Herbert Kaufmann (24 August 1920 – 27 November 1976) was a German Ethnologist, journalist, photographer and writer. He is known for his body of work concerning Africa, particularly – in the English-speaking world – his translated novel, Red Moon and High Summer (translated 2006), an adventure story set among the Tuaregs. The original German edition, Roter Mond und Heiße Zeit (1957), won the 1958 Deutscher Jugendliteraturpreis.

==Work==
- Afrika, 1954
- Der verlorene Karawanenweg (also published as Die Hammelpiste), Graz u. a. 1955 (novel)
- Kongo zwischen gestern und morgen, Murnau 1956
- Der Teufel tanzt im Ju-Ju-Busch, Graz u. a. 1956 (novel)
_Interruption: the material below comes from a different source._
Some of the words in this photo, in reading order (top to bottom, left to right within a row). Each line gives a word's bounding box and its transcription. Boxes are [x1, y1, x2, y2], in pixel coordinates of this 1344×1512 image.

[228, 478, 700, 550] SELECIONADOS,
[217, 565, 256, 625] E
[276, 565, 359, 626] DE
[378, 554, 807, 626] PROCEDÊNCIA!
- Roter Mond und Heiße Zeit, Graz u. a. 1957 (novel)
- Die Stadt unter dem Wüstensand, Graz u. a. 1957 (novel)
- Nigeria, Bonn 1958
- Reiten durch Iforas, München 1958 (illustrated travelogue)
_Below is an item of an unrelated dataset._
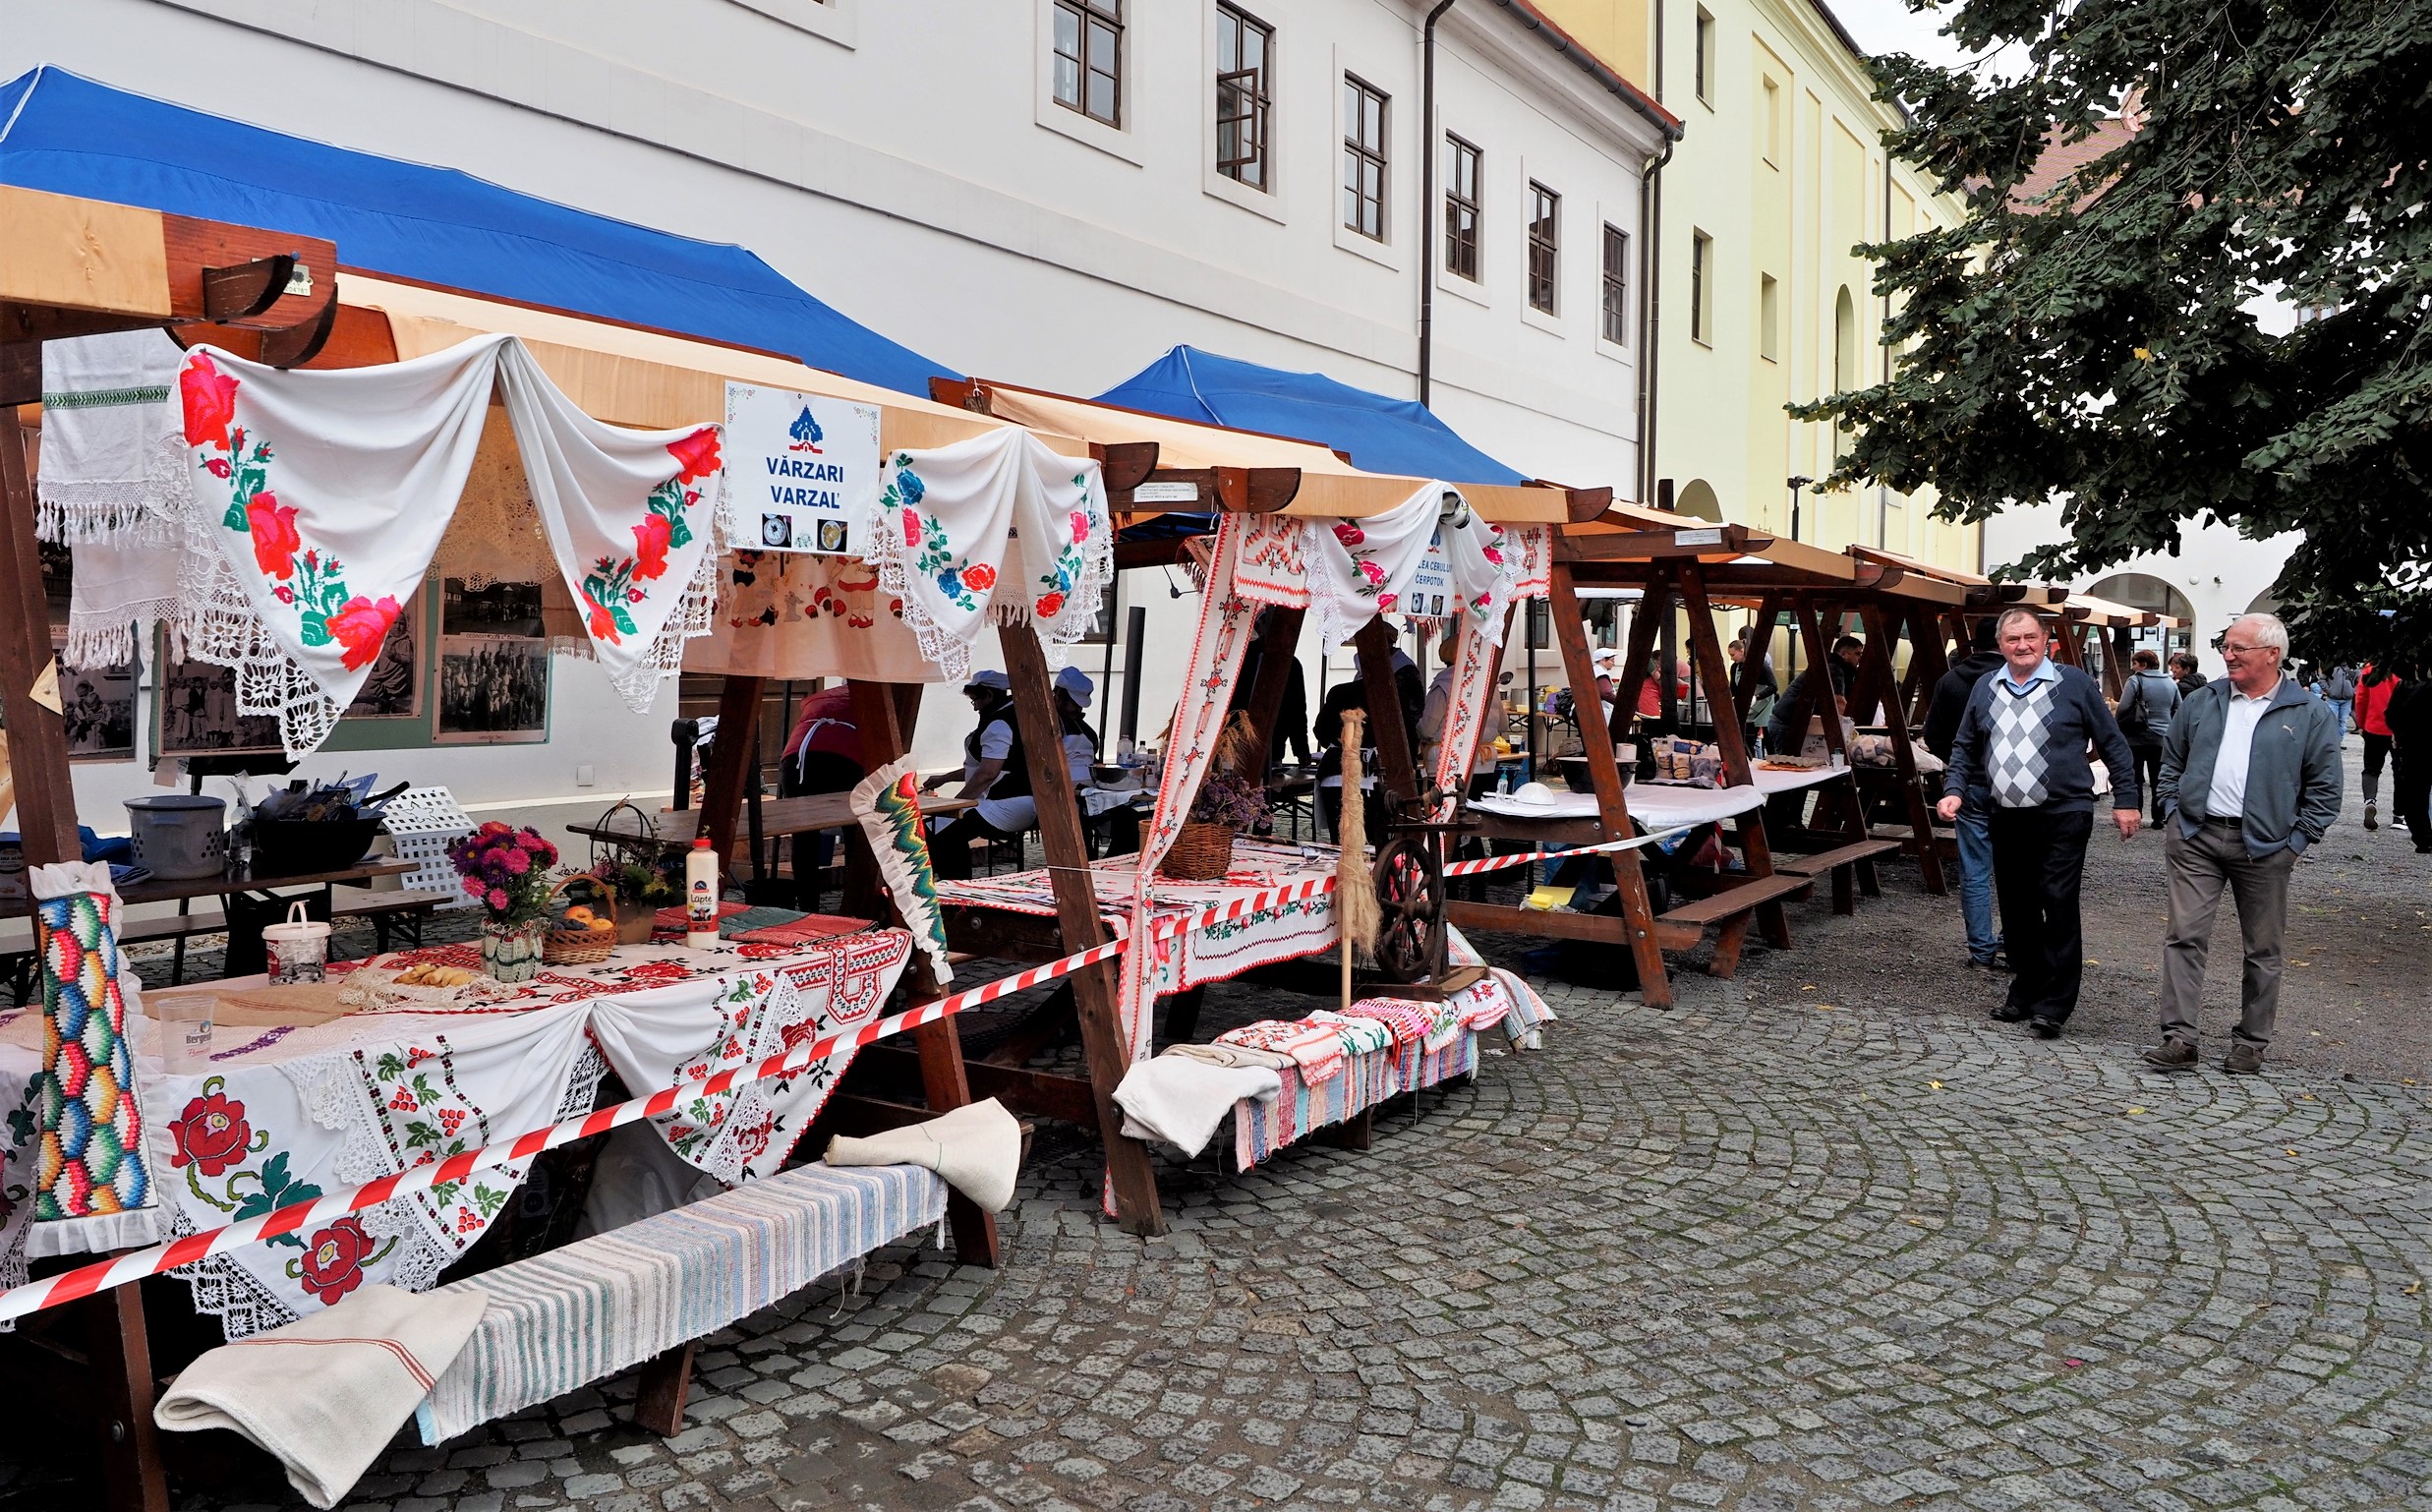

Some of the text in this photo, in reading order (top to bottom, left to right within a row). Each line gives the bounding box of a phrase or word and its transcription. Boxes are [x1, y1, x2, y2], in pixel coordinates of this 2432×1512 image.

[766, 454, 843, 483] VĂRZARI
[770, 485, 840, 509] VARZAĽ
[690, 894, 713, 905] Lapte
- Sulei, der kleine Negerjunge, Köln u. a. 1958 (together with Gerty Kaufmann)
- Belgisch Kongo und Ruanda-Urundi, Bonn 1959
- Des Königs Krokodil, Köln u. a. 1959 (novel)
- Pfeile und Flöten, Graz u. a. 1960 (novel)
- La piste perdue. Paris 1960 (French translation of Der verlorene Karawanenweg)
- Äthiopien, Bonn 1962
- Dein neuer Nachbar in Afrika, Düsseldorf 1962
- Afrikas Weg in die Gegenwart, Braunschweig 1963
- Wirtschafts- und Sozialstruktur der Iforas-Tuareg, Köln 1964 (Doctorate)
- Tule Tiptops merkwürdige Reise, Graz u. a. 1977
- Red Moon and High Summer. London 2006 ISBN 0-907871-34-8 (English translation of Roter Mond und Heiße Zeit).